How to Profit from a Cryptocurrency Crash?
Top 3 Ways You Can Profit From A Cryptocurrency Crash In 2022
Here are a few techniques that can work:
Long and Short Investment Strategy
Traditionally, a long position indicates the purchase of shares, while a short position indicates the sale of shares. Short positions are taken by investors when they believe the price of a share will fall, and long positions are taken when it is believed the price will rise. In the event of a market crash, selling pressure increases.
Opening a short position in cryptocurrency involves borrowing cryptocurrencies and selling them on cryptocurrency exchanges at the current price. When the price of the cryptocurrencies falls further, the trader buys them back at a lower price and repays the borrowed amount.

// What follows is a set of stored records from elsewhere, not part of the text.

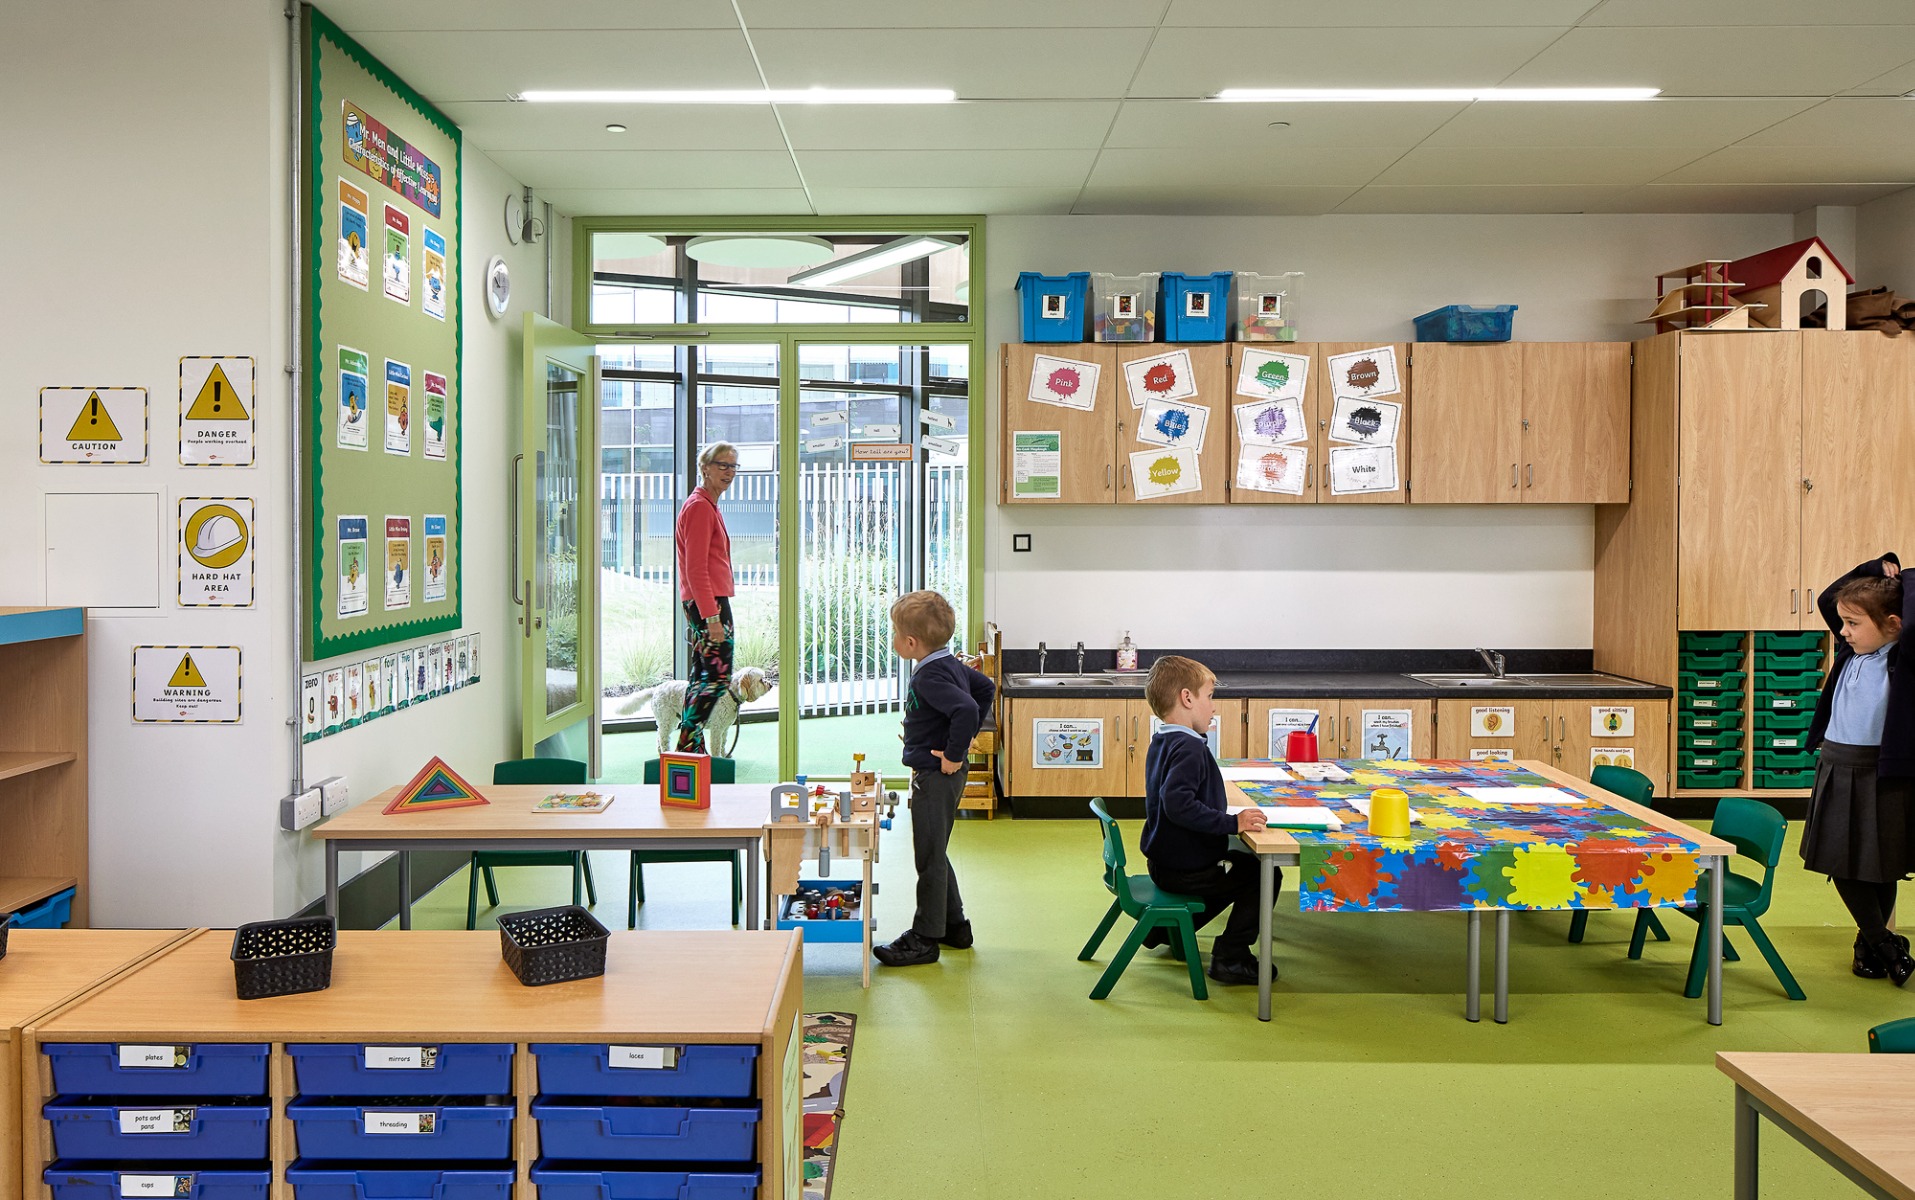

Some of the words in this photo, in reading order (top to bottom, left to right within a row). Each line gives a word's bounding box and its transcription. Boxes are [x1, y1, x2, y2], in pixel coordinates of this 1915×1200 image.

[360, 123, 371, 141] Mr.
[372, 131, 386, 151] Men
[387, 144, 399, 160] and
[400, 151, 415, 171] Little
[1153, 375, 1168, 384] Red
[1261, 370, 1285, 380] Green
[1351, 370, 1377, 381] Brown
[1055, 378, 1073, 387] Pink
[1164, 419, 1182, 430] Blue
[1354, 416, 1377, 427] Black
[197, 430, 237, 438] DANGER
[1152, 468, 1179, 477] Yellow
[1352, 465, 1376, 473] White
[384, 658, 395, 668] four
[328, 672, 339, 683] one
[304, 678, 319, 689] zero
[163, 689, 211, 697] WARNING
[145, 1053, 163, 1062] plates
[388, 1054, 411, 1063] mirrors
[629, 1052, 644, 1060] laces
[135, 1114, 148, 1122] pots
[141, 1123, 155, 1131] pans
[379, 1120, 408, 1129] threading

Similarly, long positions involve purchase at a low cost when the trader believes the minimum price has been reached and then is sold at a higher price as the market grows. The difference in the buying and selling prices becomes the profit of the trader. Furthermore, the loan is provided on the exchanges themselves by other market participants. Major crypto platforms like Bitfinex and Kraken also provide margin trading services.
Going Long on Cryptocurrencies
Going long is one of the most basic investment strategies that incorporate technical aspects into the traditional low-buy and high-sell approach. Traders typically invest in a currency when its value is expected to rise in the future. It entails trading coins while ensuring that the trader owns the money, with the trader’s income being determined by the market value of the cryptocurrencies traded.
Shorting of Cryptos
To short cryptos, one must be skilled and prepared in analytics and prediction. Experienced traders typically wait for the timeline when new traders short their currencies and use that opportunity to begin the process of “compression,” which allows them to generate maximum income from market order pressure. To avoid losses, it is not advisable to enter the market during the shorting process.
Because the cryptocurrency market is full of surprises, one should be cautious when lowering the game because even if the value of a currency falls by half, traders will only earn 50%, whereas if the price rises by two factors, traders will lose 100%.
This is a risky strategy to deploy but one of the best when it comes to profit from a cryptocurrency crash.
Different Short-Selling Techniques
- Margin Trading
Margin trading is one of the most basic types of short trading in which traders borrow money from a broker, exchange the coins, and then wait for the wager to pay off. Margin trades are available on crypto exchanges such as Binance, Bitmex, Etoro, and many others.
- Contracts for Difference (CFDs)
A contract for difference (CFSs) is made in financial subsidiaries exchanges through which differences in the settlement between the open and closing exchange costs are settled in cash and do not include the conveyance of physical products or securities. This method, however, isn’t permitted in the US.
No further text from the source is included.